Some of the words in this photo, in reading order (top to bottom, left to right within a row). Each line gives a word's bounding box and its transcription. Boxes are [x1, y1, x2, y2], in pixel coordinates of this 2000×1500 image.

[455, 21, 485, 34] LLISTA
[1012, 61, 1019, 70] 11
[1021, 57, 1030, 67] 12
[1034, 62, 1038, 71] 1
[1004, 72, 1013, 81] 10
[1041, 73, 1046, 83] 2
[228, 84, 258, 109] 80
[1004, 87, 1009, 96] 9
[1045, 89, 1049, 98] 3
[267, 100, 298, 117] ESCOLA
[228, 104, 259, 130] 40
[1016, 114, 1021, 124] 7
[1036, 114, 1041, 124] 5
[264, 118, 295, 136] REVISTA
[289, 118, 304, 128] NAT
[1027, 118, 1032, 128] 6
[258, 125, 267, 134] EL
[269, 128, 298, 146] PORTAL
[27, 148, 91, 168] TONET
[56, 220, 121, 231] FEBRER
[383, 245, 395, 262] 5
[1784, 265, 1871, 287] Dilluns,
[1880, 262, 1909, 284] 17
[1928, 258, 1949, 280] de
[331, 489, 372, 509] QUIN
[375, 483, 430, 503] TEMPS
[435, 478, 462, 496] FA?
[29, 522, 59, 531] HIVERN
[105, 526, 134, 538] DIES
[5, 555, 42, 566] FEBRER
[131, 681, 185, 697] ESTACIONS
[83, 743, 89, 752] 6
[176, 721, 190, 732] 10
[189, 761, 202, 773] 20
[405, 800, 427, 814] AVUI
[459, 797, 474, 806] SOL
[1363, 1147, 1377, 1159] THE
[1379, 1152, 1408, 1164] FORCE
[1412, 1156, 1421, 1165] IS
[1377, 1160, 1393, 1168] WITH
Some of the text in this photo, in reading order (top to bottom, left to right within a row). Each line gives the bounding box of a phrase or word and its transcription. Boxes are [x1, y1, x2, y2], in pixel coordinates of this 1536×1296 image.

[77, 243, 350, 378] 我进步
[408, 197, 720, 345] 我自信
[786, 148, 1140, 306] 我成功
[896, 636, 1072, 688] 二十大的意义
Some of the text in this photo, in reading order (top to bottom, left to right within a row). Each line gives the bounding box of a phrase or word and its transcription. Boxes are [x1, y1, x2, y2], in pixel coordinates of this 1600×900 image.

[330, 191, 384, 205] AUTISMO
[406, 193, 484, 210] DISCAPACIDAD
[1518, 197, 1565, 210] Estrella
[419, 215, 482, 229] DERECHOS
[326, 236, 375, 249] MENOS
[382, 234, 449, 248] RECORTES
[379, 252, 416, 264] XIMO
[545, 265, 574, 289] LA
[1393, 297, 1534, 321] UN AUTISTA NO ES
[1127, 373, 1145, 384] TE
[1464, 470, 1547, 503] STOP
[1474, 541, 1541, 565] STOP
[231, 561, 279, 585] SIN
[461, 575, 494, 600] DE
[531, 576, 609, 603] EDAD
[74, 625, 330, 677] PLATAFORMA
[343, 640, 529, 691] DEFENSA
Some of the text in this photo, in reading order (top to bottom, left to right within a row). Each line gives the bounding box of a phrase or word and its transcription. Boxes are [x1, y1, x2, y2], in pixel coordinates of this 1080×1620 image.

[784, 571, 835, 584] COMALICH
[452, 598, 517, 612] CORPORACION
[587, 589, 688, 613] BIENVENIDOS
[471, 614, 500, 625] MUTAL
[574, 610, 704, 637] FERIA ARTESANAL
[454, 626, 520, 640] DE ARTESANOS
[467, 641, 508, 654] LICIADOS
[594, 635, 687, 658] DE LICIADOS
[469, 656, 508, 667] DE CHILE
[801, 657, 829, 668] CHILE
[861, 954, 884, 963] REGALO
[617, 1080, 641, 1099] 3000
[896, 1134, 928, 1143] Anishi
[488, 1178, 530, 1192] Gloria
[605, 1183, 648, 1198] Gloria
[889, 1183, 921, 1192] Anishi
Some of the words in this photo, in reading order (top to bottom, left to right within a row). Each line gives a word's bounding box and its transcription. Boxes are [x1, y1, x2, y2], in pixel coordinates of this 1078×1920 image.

- **PROBLEM TO WORK ON**: Every entry above should be retyped exactly as shown.

- **ANSWER SECTION**:
Some of the words in this photo, in reading order (top to bottom, left to right within a row). Each line gives a word's bounding box and its transcription. Boxes are [x1, y1, x2, y2], in pixel coordinates of this 2000×1500 image.

[455, 21, 485, 34] LLISTA
[1012, 61, 1019, 70] 11
[1021, 57, 1030, 67] 12
[1034, 62, 1038, 71] 1
[1004, 72, 1013, 81] 10
[1041, 73, 1046, 83] 2
[228, 84, 258, 109] 80
[1004, 87, 1009, 96] 9
[1045, 89, 1049, 98] 3
[267, 100, 298, 117] ESCOLA
[228, 104, 259, 130] 40
[1016, 114, 1021, 124] 7
[1036, 114, 1041, 124] 5
[264, 118, 295, 136] REVISTA
[289, 118, 304, 128] NAT
[1027, 118, 1032, 128] 6
[258, 125, 267, 134] EL
[269, 128, 298, 146] PORTAL
[27, 148, 91, 168] TONET
[56, 220, 121, 231] FEBRER
[383, 245, 395, 262] 5
[1784, 265, 1871, 287] Dilluns,
[1880, 262, 1909, 284] 17
[1928, 258, 1949, 280] de
[331, 489, 372, 509] QUIN
[375, 483, 430, 503] TEMPS
[435, 478, 462, 496] FA?
[29, 522, 59, 531] HIVERN
[105, 526, 134, 538] DIES
[5, 555, 42, 566] FEBRER
[131, 681, 185, 697] ESTACIONS
[83, 743, 89, 752] 6
[176, 721, 190, 732] 10
[189, 761, 202, 773] 20
[405, 800, 427, 814] AVUI
[459, 797, 474, 806] SOL
[1363, 1147, 1377, 1159] THE
[1379, 1152, 1408, 1164] FORCE
[1412, 1156, 1421, 1165] IS
[1377, 1160, 1393, 1168] WITH
Some of the text in this photo, in reading order (top to bottom, left to right within a row). Each line gives the bounding box of a phrase or word and its transcription. Boxes are [x1, y1, x2, y2], in pixel coordinates of this 1536×1296 image.

[77, 243, 350, 378] 我进步
[408, 197, 720, 345] 我自信
[786, 148, 1140, 306] 我成功
[896, 636, 1072, 688] 二十大的意义
Some of the text in this photo, in reading order (top to bottom, left to right within a row). Each line gives the bounding box of a phrase or word and its transcription. Boxes are [x1, y1, x2, y2], in pixel coordinates of this 1600×900 image.

[330, 191, 384, 205] AUTISMO
[406, 193, 484, 210] DISCAPACIDAD
[1518, 197, 1565, 210] Estrella
[419, 215, 482, 229] DERECHOS
[326, 236, 375, 249] MENOS
[382, 234, 449, 248] RECORTES
[379, 252, 416, 264] XIMO
[545, 265, 574, 289] LA
[1393, 297, 1534, 321] UN AUTISTA NO ES
[1127, 373, 1145, 384] TE
[1464, 470, 1547, 503] STOP
[1474, 541, 1541, 565] STOP
[231, 561, 279, 585] SIN
[461, 575, 494, 600] DE
[531, 576, 609, 603] EDAD
[74, 625, 330, 677] PLATAFORMA
[343, 640, 529, 691] DEFENSA
Some of the text in this photo, in reading order (top to bottom, left to right within a row). Each line gives the bounding box of a phrase or word and its transcription. Boxes are [x1, y1, x2, y2], in pixel coordinates of this 1080×1620 image.

[784, 571, 835, 584] COMALICH
[452, 598, 517, 612] CORPORACION
[587, 589, 688, 613] BIENVENIDOS
[471, 614, 500, 625] MUTAL
[574, 610, 704, 637] FERIA ARTESANAL
[454, 626, 520, 640] DE ARTESANOS
[467, 641, 508, 654] LICIADOS
[594, 635, 687, 658] DE LICIADOS
[469, 656, 508, 667] DE CHILE
[801, 657, 829, 668] CHILE
[861, 954, 884, 963] REGALO
[617, 1080, 641, 1099] 3000
[896, 1134, 928, 1143] Anishi
[488, 1178, 530, 1192] Gloria
[605, 1183, 648, 1198] Gloria
[889, 1183, 921, 1192] Anishi
Some of the words in this photo, in reading order (top to bottom, left to right within a row). Each line gives a word's bounding box and its transcription. Boxes are [x1, y1, x2, y2], in pixel coordinates of this 1078×1920 image.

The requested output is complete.